(SUPPLIED RECORDS begins)

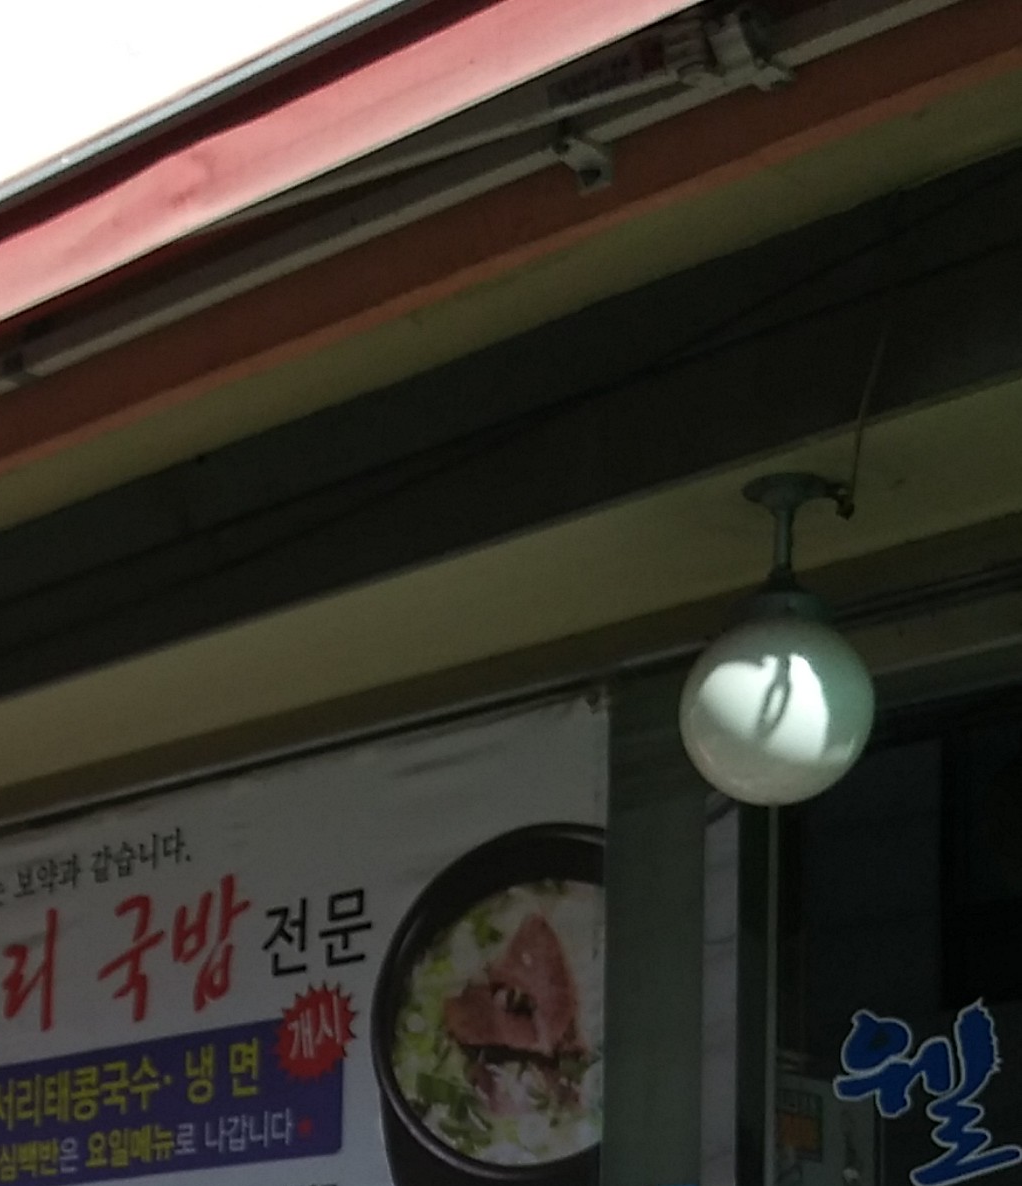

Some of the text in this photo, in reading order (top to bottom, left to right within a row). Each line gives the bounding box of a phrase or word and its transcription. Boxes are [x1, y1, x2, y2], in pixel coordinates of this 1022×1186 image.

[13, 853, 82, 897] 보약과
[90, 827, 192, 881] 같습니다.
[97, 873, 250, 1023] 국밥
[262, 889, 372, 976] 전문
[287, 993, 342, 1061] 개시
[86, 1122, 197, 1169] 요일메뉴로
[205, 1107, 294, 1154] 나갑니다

(SUPPLIED RECORDS ends)

The response has to be an exact copy of all the data, pictures excluded.

• EXPECTED ANSWER:
Some of the text in this photo, in reading order (top to bottom, left to right within a row). Each line gives the bounding box of a phrase or word and its transcription. Boxes are [x1, y1, x2, y2], in pixel coordinates of this 1022×1186 image.

[13, 853, 82, 897] 보약과
[90, 827, 192, 881] 같습니다.
[97, 873, 250, 1023] 국밥
[262, 889, 372, 976] 전문
[287, 993, 342, 1061] 개시
[86, 1122, 197, 1169] 요일메뉴로
[205, 1107, 294, 1154] 나갑니다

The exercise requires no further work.